YOUR OBJECTIVE. Your answer must be an exact transcription of the data, with every picture omitted.

(Spatial localization data)

'''

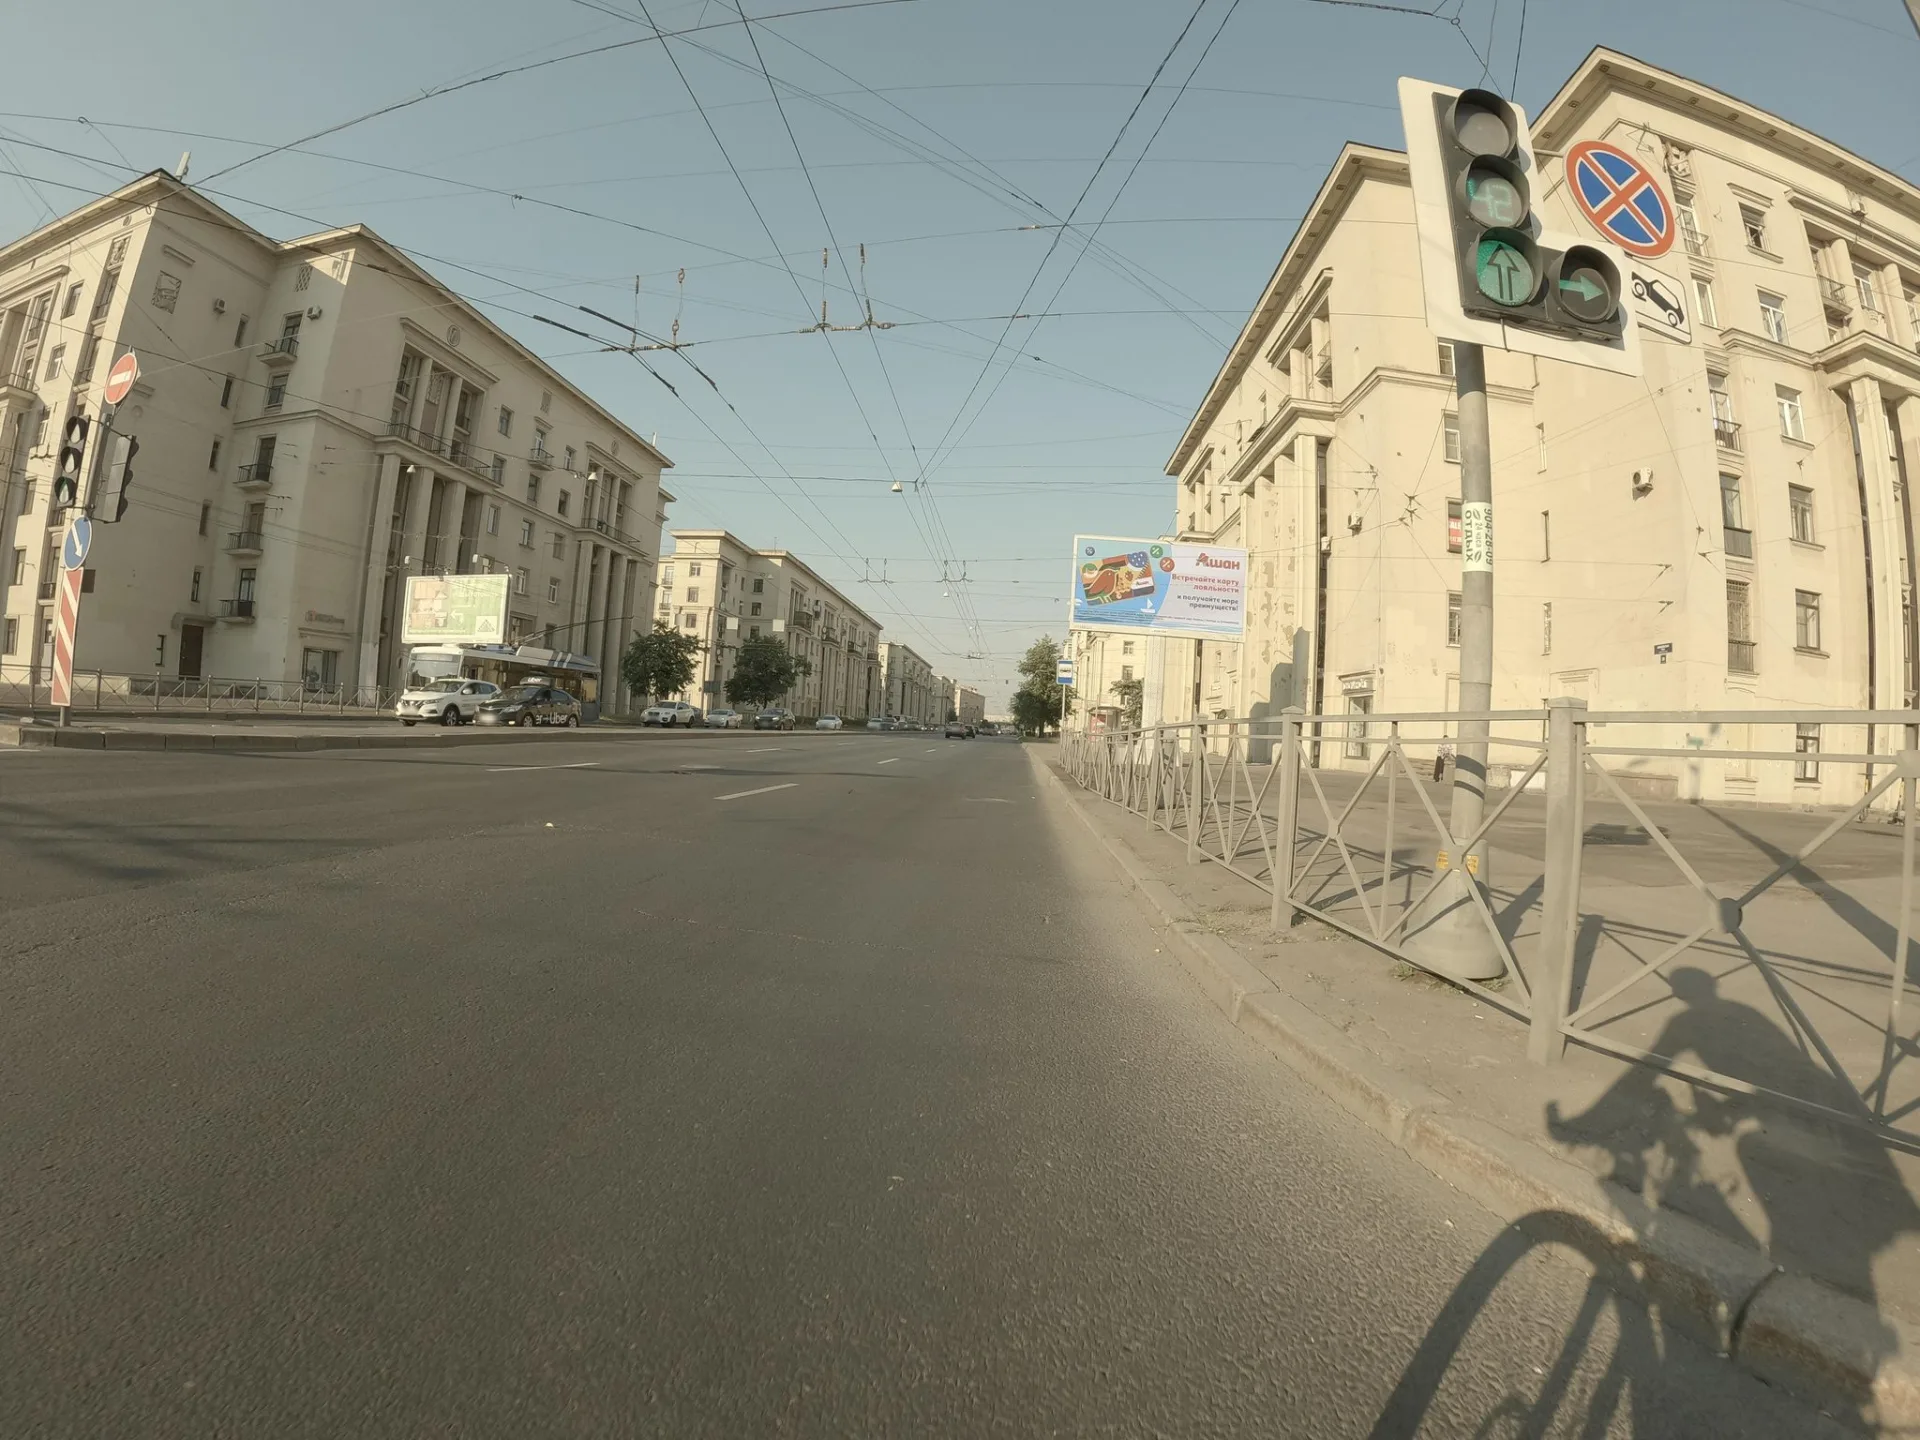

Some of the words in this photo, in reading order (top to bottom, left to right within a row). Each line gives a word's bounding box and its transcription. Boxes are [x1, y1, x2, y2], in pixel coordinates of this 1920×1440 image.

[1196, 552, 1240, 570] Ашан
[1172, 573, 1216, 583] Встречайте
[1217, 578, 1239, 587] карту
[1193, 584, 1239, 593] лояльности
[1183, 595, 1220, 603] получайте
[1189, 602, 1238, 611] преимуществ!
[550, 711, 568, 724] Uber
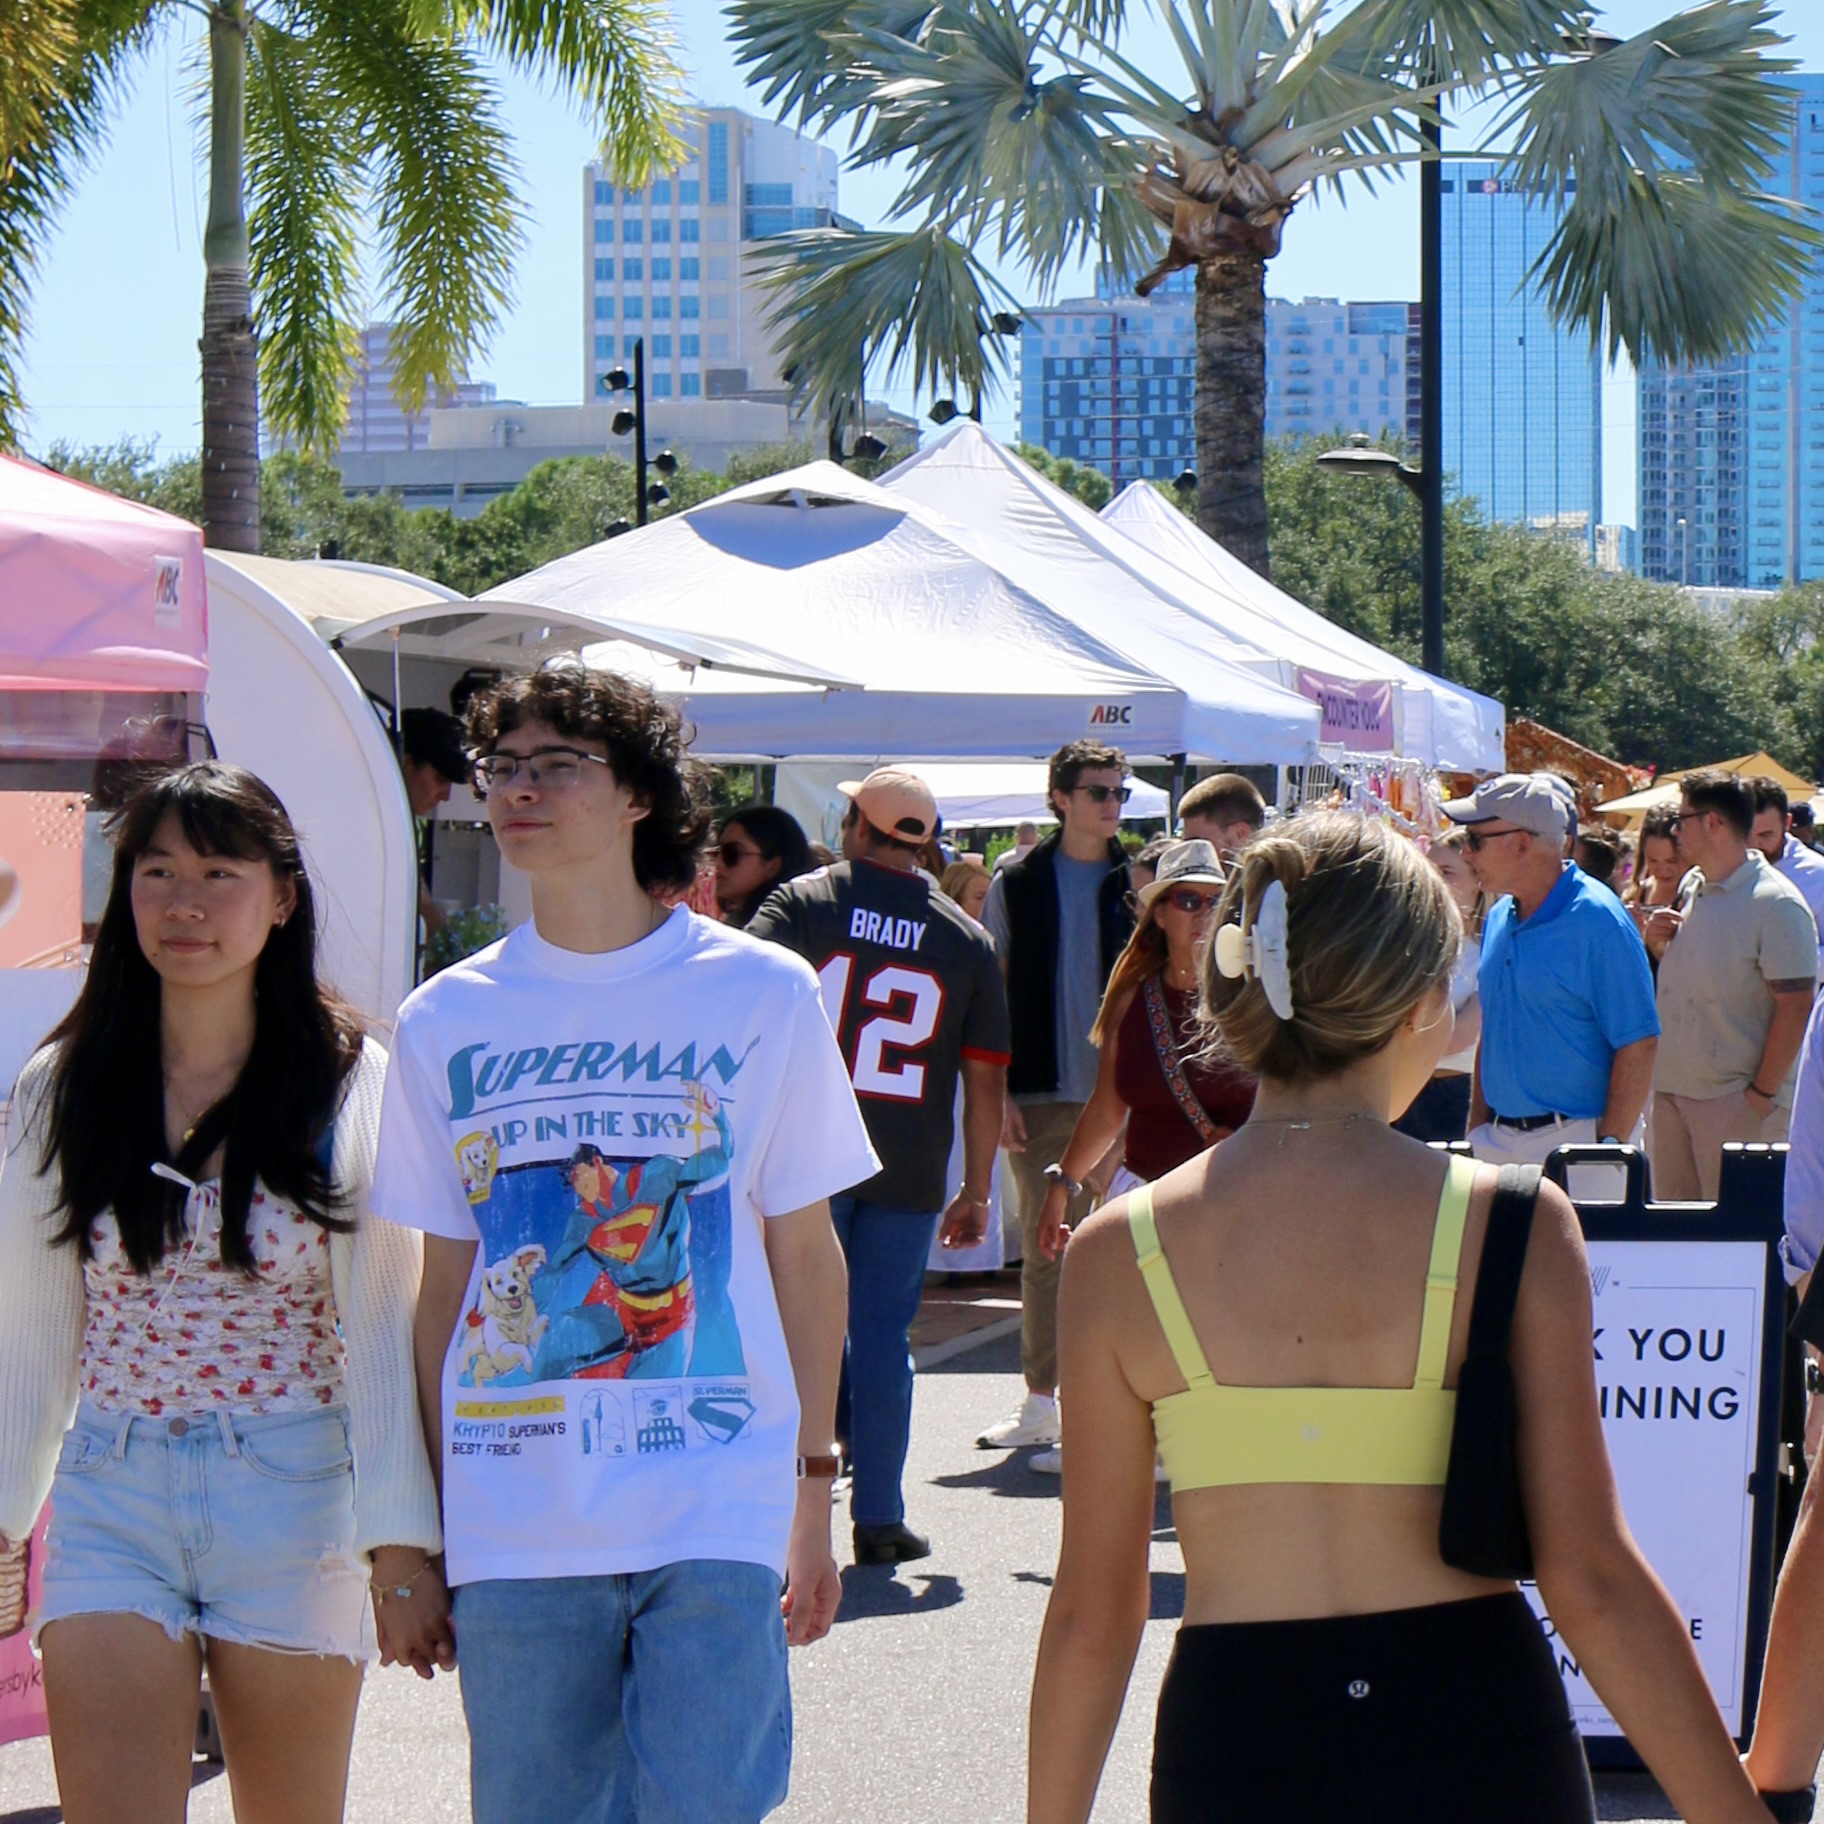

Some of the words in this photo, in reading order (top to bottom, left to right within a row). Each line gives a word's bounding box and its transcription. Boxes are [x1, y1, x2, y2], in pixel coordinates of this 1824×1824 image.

'''

RESULT OF THE TASK.
Some of the words in this photo, in reading order (top to bottom, left to right within a row). Each line gives a word's bounding box and its transcription. Boxes are [x1, y1, x2, y2], in pixel coordinates of this 1920×1440 image.

[1196, 552, 1240, 570] Ашан
[1172, 573, 1216, 583] Встречайте
[1217, 578, 1239, 587] карту
[1193, 584, 1239, 593] лояльности
[1183, 595, 1220, 603] получайте
[1189, 602, 1238, 611] преимуществ!
[550, 711, 568, 724] Uber

Some of the words in this photo, in reading order (top to bottom, left to right within a row). Each line gives a word's bounding box and its transcription. Boxes are [x1, y1, x2, y2], in pixel coordinates of this 1824×1824 image.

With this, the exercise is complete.